> [Work request] The reply should be the records repeated exactly, without any images.

Items listed in a dataset

++++++++++++++++++++

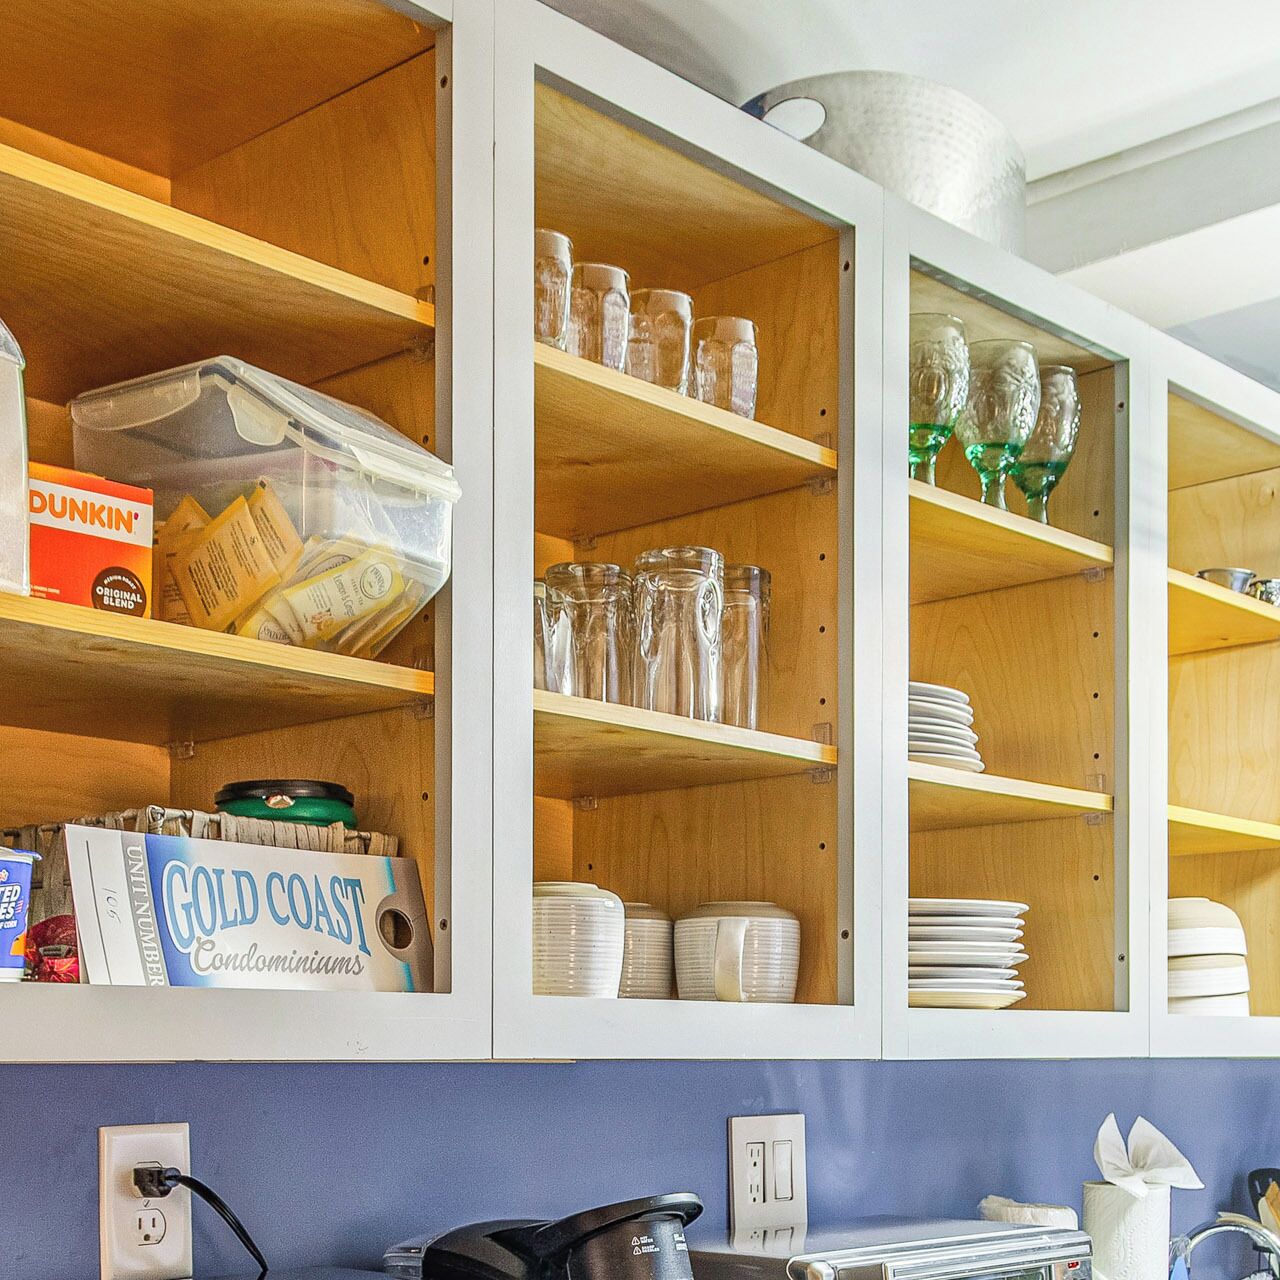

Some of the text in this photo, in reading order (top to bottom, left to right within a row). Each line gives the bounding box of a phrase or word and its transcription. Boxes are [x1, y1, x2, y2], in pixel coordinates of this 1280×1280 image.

[29, 488, 140, 534] DUNKIN'
[96, 586, 143, 603] ORIGINAL
[103, 596, 135, 610] BLEND
[126, 845, 165, 987] UNIT NUMBER
[166, 863, 372, 957] GOLD COAST
[193, 936, 365, 976] Condominiums
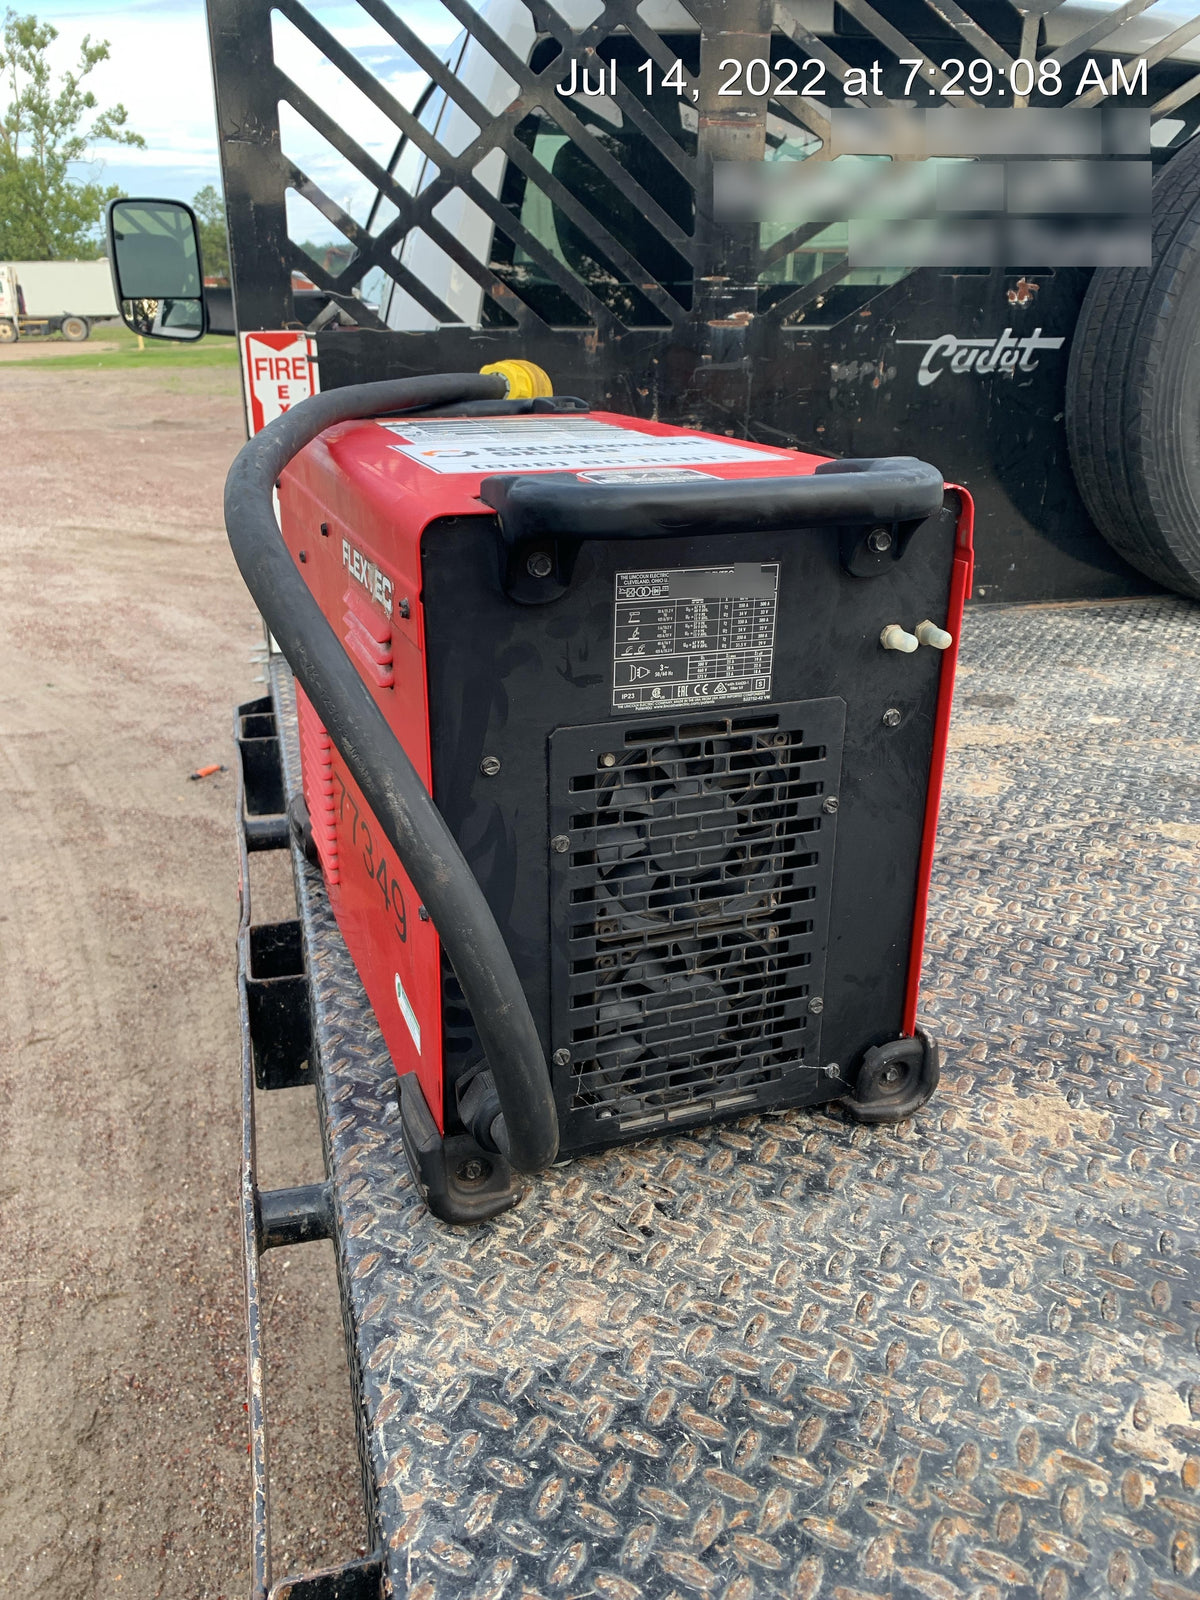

++++++++++++++++++++

> [Written answer]
Some of the text in this photo, in reading order (top to bottom, left to right within a row). Each line gives the bounding box of a phrase or word and its transcription. Boxes are [x1, y1, x2, y2], in pixel coordinates of this 1280×1280 image.

[29, 488, 140, 534] DUNKIN'
[96, 586, 143, 603] ORIGINAL
[103, 596, 135, 610] BLEND
[126, 845, 165, 987] UNIT NUMBER
[166, 863, 372, 957] GOLD COAST
[193, 936, 365, 976] Condominiums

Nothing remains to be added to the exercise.